Home Sweet Home - Feliz 2008
De volta ao lar.
Depois de quase seis meses em São Paulo, “lar” ainda é um termo que luta por sua exatidão dentro de mim. Não é o meu apartamento. Agora ele é o lar de um casal idoso. Os dois na certa devem ter apreciado mais a vista pro Atlântico nos últimos três meses do que eu nos meus cinco anos por lá. Eu mesmo, ao chegar no Rio, ainda no ano passado, dei uma boa olhada para o oceano ali na praia do Leblon. Não senti falta do mar. Senti falta de um horizonte de 180º, mas com uma temperatura chegando quase aos 40, percebi que não sentia tanta saudade daquilo. Durante um impensável, e infelizmente necessário, passeio noturno por Copacabana entre a horda de orcs, goblins e outras criaturas que voltavam da queima de fogos na praia, Carol sem saber me repetiu o que havia dito para um amigo poucos dias antes: “saber que o mar está ali dá uma sensação de escape”. Sim. Pena que os portões do infeno estavam abertos e seus habitantes decidiram voltar ao mesmo tempo enquanto estávamos no meio do caminho. Escapamos para o Leme com algum custo e tentamos dormir na casa de nossa hóspede.
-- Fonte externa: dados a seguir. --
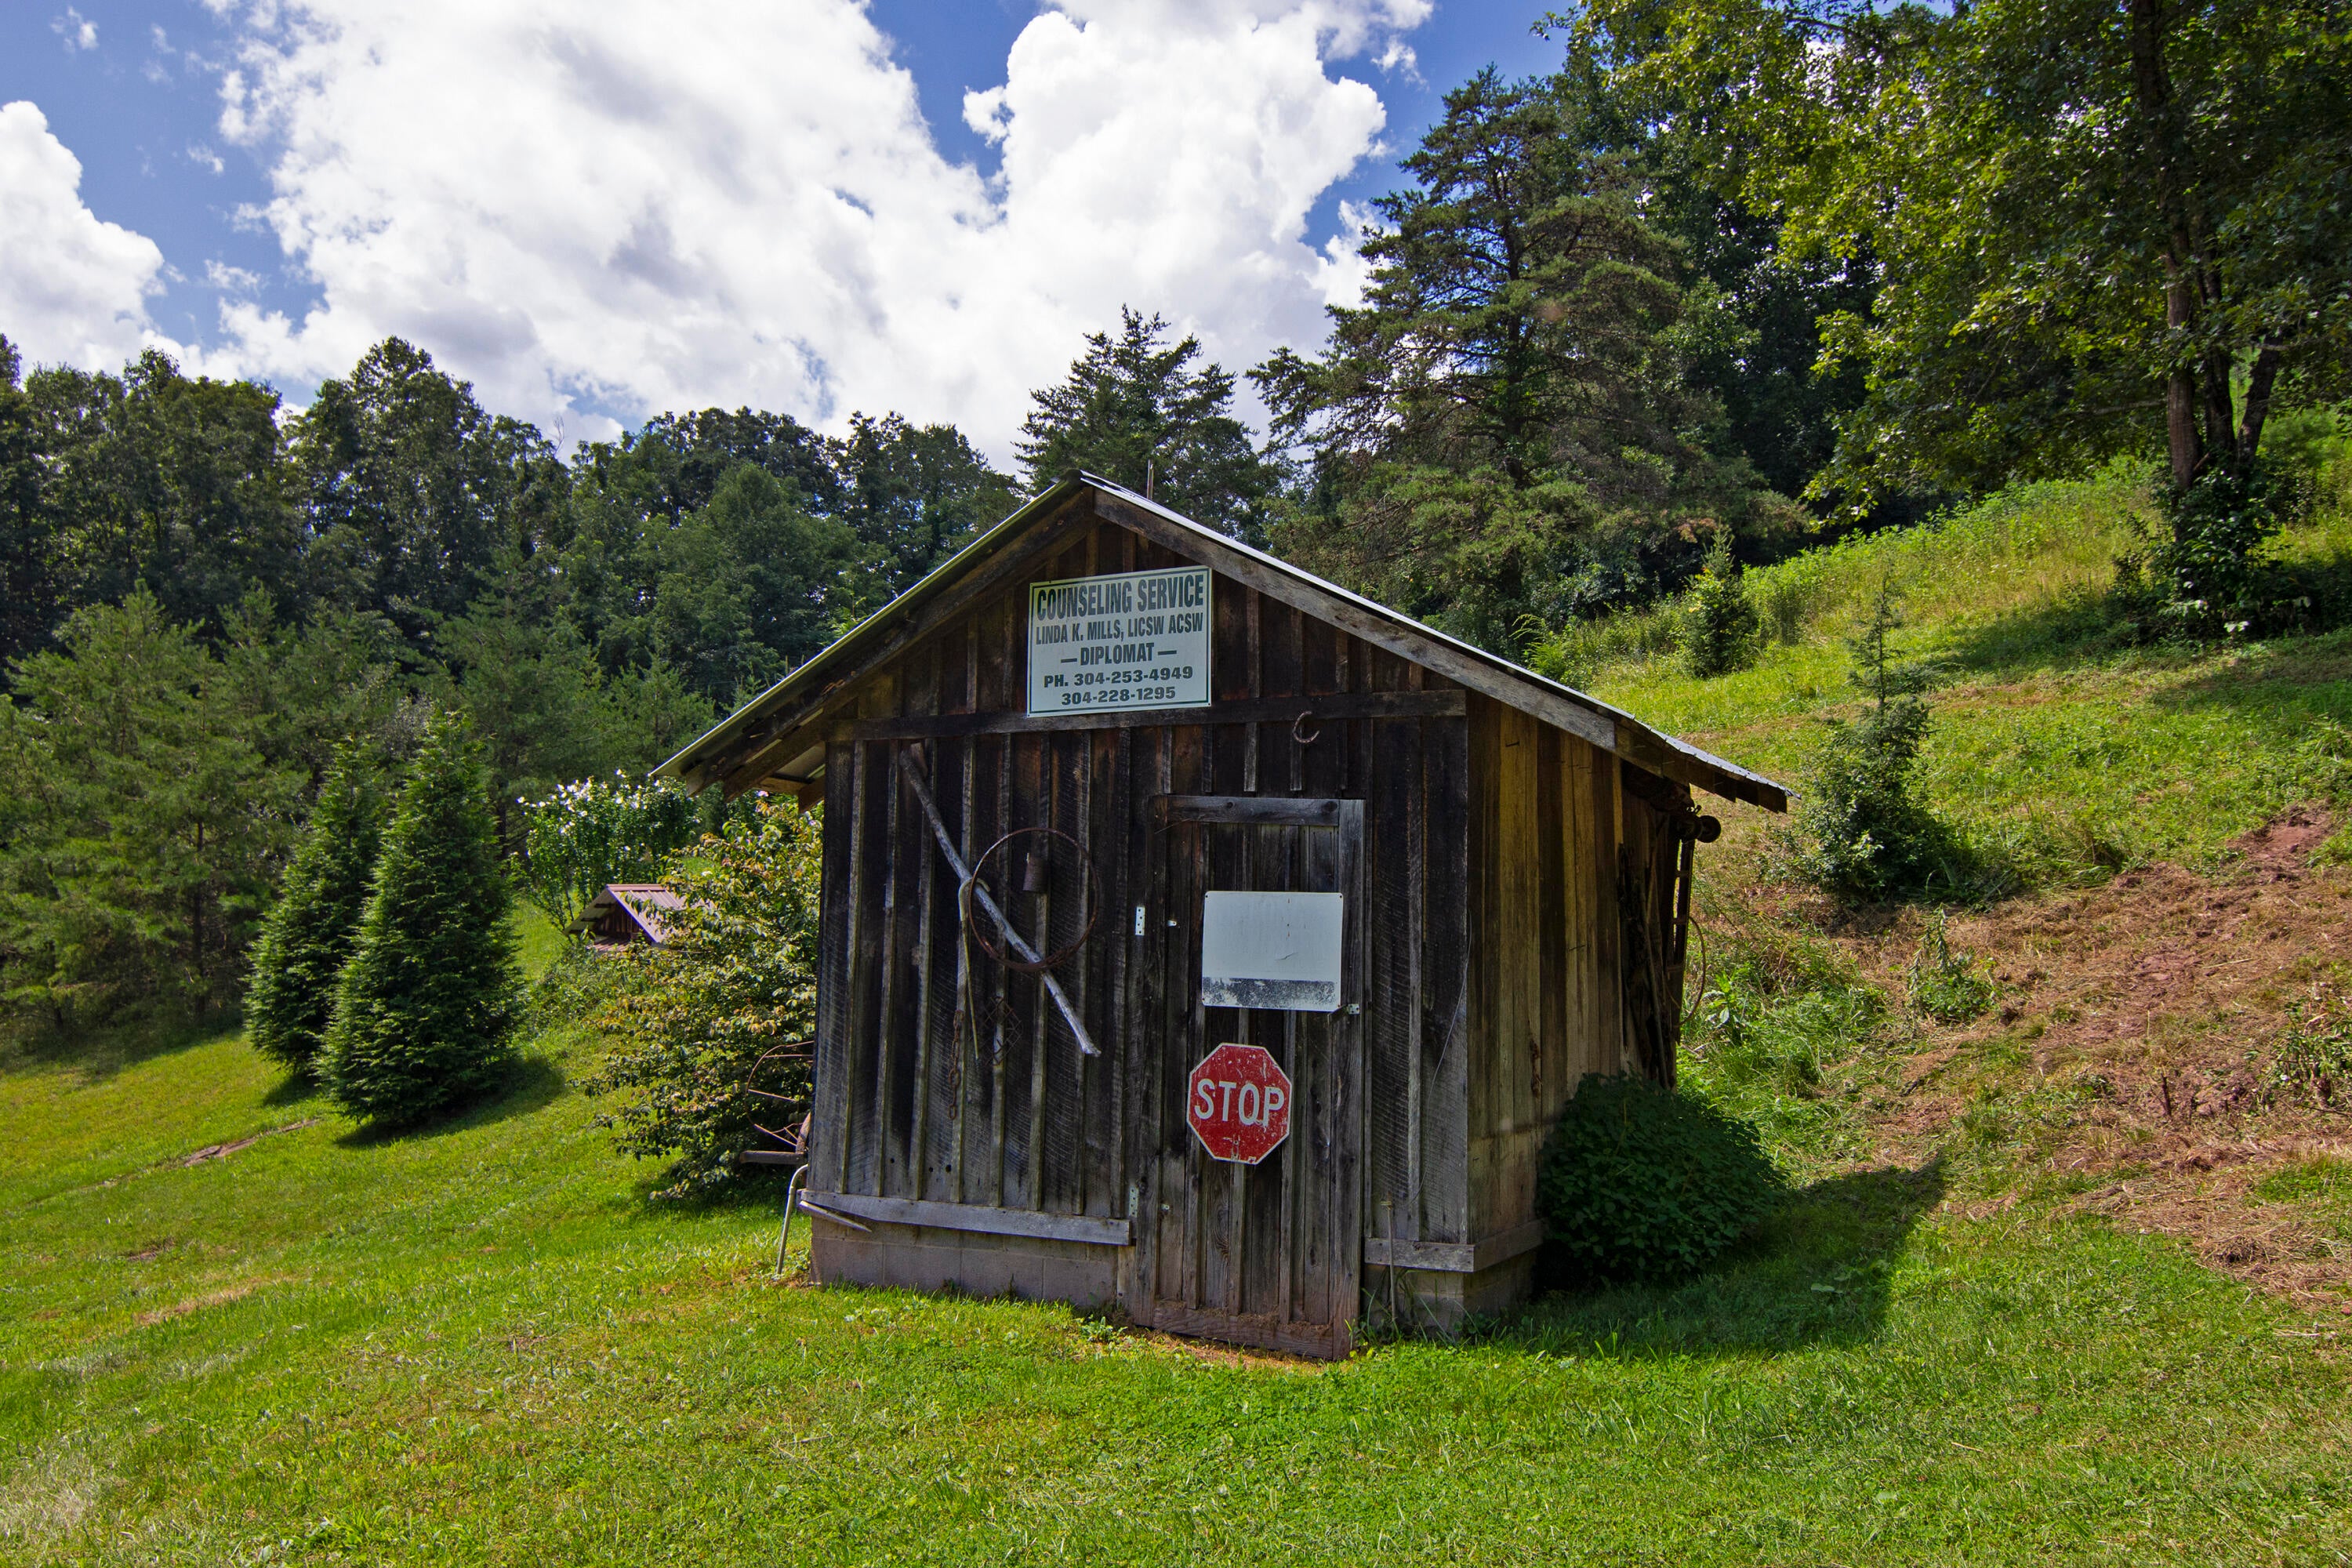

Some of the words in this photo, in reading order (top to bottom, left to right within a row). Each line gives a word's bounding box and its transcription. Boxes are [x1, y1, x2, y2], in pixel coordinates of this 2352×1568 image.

[1037, 581, 1132, 621] COUNSELING
[1138, 575, 1204, 612] SERVICE
[1036, 623, 1068, 644] LINDA
[1072, 622, 1083, 641] K.
[1087, 619, 1123, 641] MILLS,
[1128, 615, 1164, 637] LICSW
[1168, 612, 1203, 634] ACSW
[1080, 642, 1154, 666] DIPLOMAT
[1044, 675, 1069, 688] PH.
[1074, 666, 1193, 687] 304-253-4949
[1061, 686, 1176, 706] 304-228-1295
[1194, 1078, 1285, 1127] STOP
Tanto nossa anfitriã, como a residência são maravilhosas, mas obviamente aquele apartamento não é o meu lar. Os braços de Carol fizeram esse papel enquanto só pensava em ter novamente minha cama, minha internet e minhas roupas lavadas e estendidadas no varal do apartamento de São Paulo.
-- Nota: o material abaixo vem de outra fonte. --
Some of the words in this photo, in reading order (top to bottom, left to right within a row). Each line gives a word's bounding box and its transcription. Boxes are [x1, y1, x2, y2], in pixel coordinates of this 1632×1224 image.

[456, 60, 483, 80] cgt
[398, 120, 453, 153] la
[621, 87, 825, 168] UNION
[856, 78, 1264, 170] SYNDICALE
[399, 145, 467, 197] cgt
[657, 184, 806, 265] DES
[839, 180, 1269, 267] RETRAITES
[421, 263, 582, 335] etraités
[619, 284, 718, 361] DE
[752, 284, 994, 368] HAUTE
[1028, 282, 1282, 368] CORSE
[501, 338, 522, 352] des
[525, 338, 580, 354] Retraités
Cheguei muito feliz e sorridente, mas aqui também não é exatamente meu lar (não posso quebrar paredes, não é meu lar). No entanto, regionalmente São Paulo é cada vez mais querida (devagar e sempre, acho) e não sei quando voltarei ao Rio agora. Prefiro providenciar de longe a vinda da nata que ainda ficou por lá. Já tenho três pessoas na mira que se dariam muito bem aqui, cada um na sua área. Providenciarei a melhor estadia para esses possíveis novos retirantes e farei de tudo para que se sintam confortáveis nesse período de transição onde o lar parece perder o sentido.
De resto vi praticamente todos que queria ter visto e tive dias felizes sob duas marcas de ar-condicionado enquanto fuçava meu brinquedo novo. Comi em bistrôs de comida francesa que ficara devendo experimentar antes de me mudar e pude dar alguns presentes para gente querida. Final suprerpositivo. Obrigado à todos que fizeram parte e um convite à todos que não fizeram para que a próxima virada seja com colegas e amigos recém-adquiridos na grande metrópole.